Although the present invention is disclosed above in terms of embodiments, it is not intended to limit the present invention. Any person skilled in the art can make various modifications and modifications without departing from the spirit and scope of the present invention. For example, replacing the disk basic output and input system with a system testing program (System-Debugger) program for system testing, which is more convenient for computer manufacturers and computer repairs, and reduces the cost of computer manufacturers and customers. Service cost on the server side. In addition, under the present invention, the storage unit can store different versions of the disk BIOS at the same time, which is convenient for users to use according to their needs.

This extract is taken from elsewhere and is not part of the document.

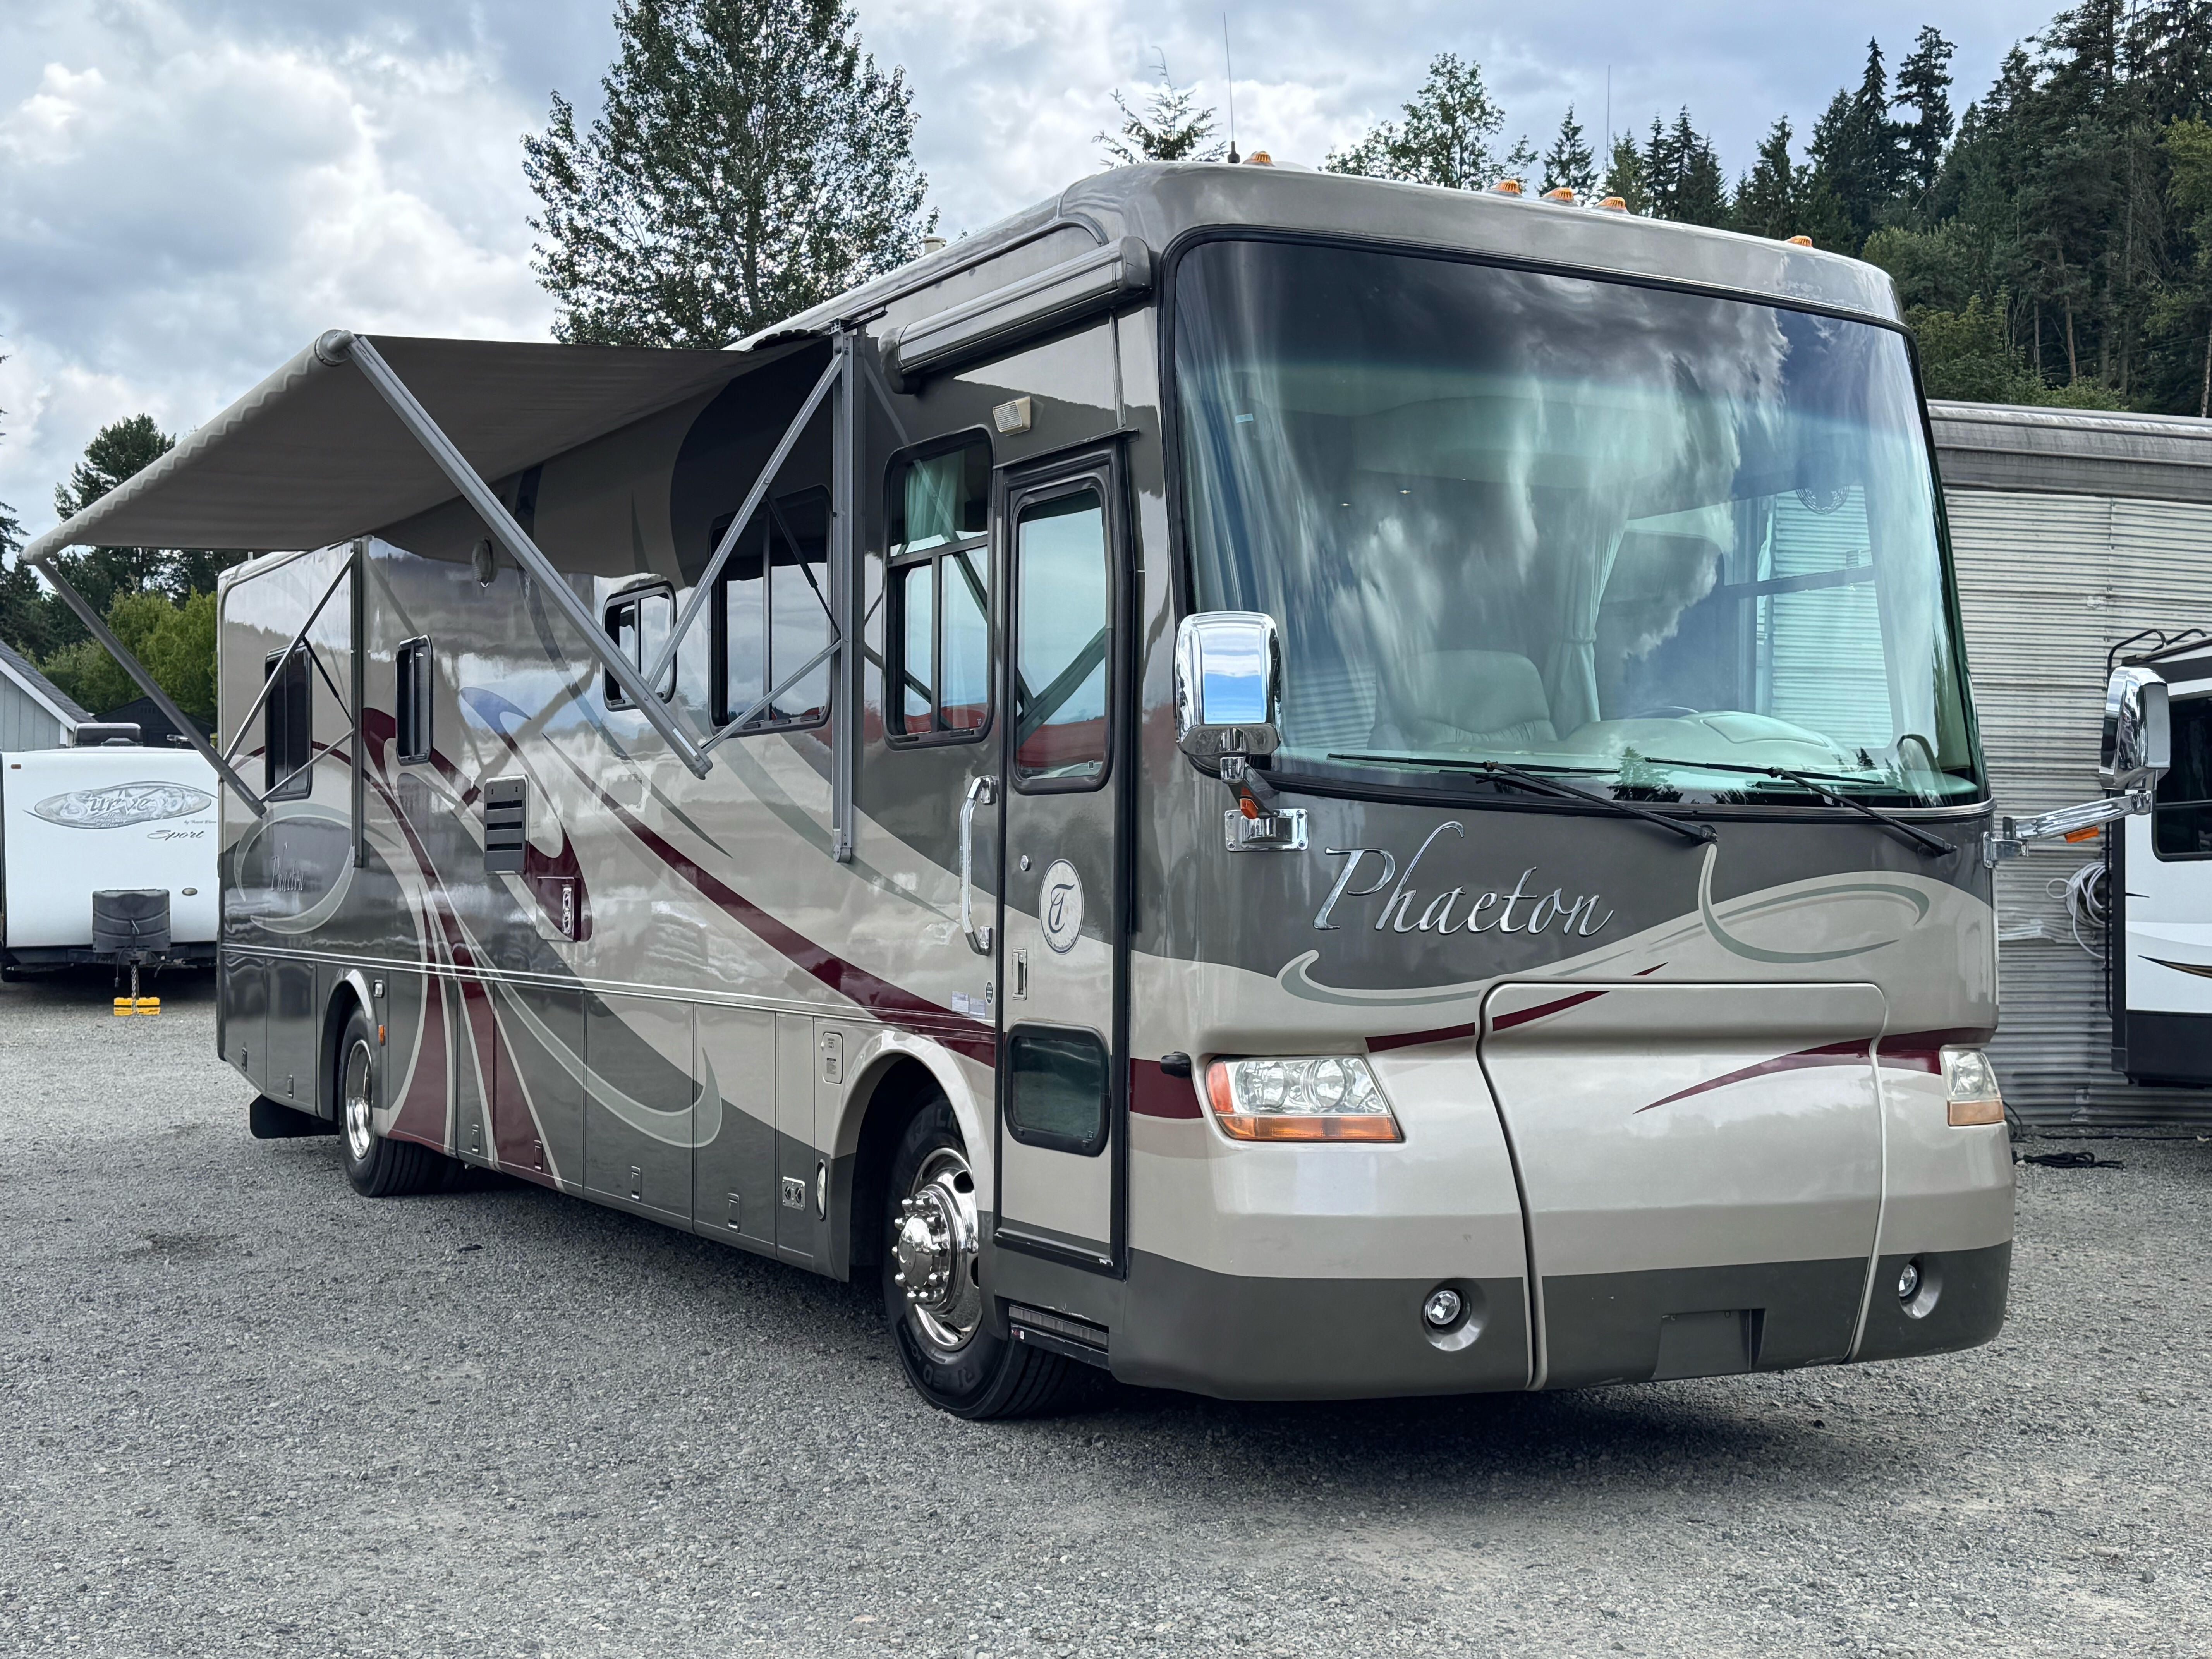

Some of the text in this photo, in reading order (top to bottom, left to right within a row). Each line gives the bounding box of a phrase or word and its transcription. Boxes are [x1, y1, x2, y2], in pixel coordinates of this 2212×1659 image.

[60, 789, 201, 821] Surveyor
[147, 830, 204, 841] Sport
[1312, 820, 1614, 937] Phaeton

Therefore, the scope of protection of the present invention should be determined by the scope of the appended patent application.

Claims (8)

1. A computer system using a disk basic output and input system, characterized in that it comprises: a CPU unit; A storage unit for storing a first BIOS code and an operating system; and A disk BIOS loader is used to read the first BIOS code in the storage unit for the CPU unit to execute the first BIOS code. 2. The computer system using the disk basic input and input system according to claim 1, further comprising an embedded control chip, a system chipset and a single-chip microprocessor, wherein the disk basic input and input system carries The input device is arranged in one of the following units: the CPU unit, the embedded control chip, the system chipset and the single-chip microprocessor. 3. The computer system using the disk BIOS according to claim 1, further comprising a dynamic random access memory, wherein the disk BIOS loader is the first BIOS input program code is loaded into the dynamic random access memory. 4. The computer system using a disk BIOS according to claim 1, further comprising a dynamic random access memory, wherein the CPU unit executes the first BIOS program code so that the operating system loaded into the dynamic random access memory. 5. The computer system using a disk BIOS according to claim 1, wherein the disk BIOS loader is a program code or a piece of hardware. 6. The computer system using a disk BIOS according to claim 1, wherein the storage unit further comprises an application program and a data file. 7. A method for executing a basic input-input program code, characterized in that, comprising the following steps: Provide a CPU unit; providing a storage unit for storing a first basic input input program code and an operating system; read the first BIO program code in the storage unit; and The CPU unit executes the first BIO program code. 8. The method for executing a basic output-input program code according to claim 7, further comprising the following steps: when the CPU unit executes the first basic input-input program code, the operating system is loaded into a dynamic random access memory.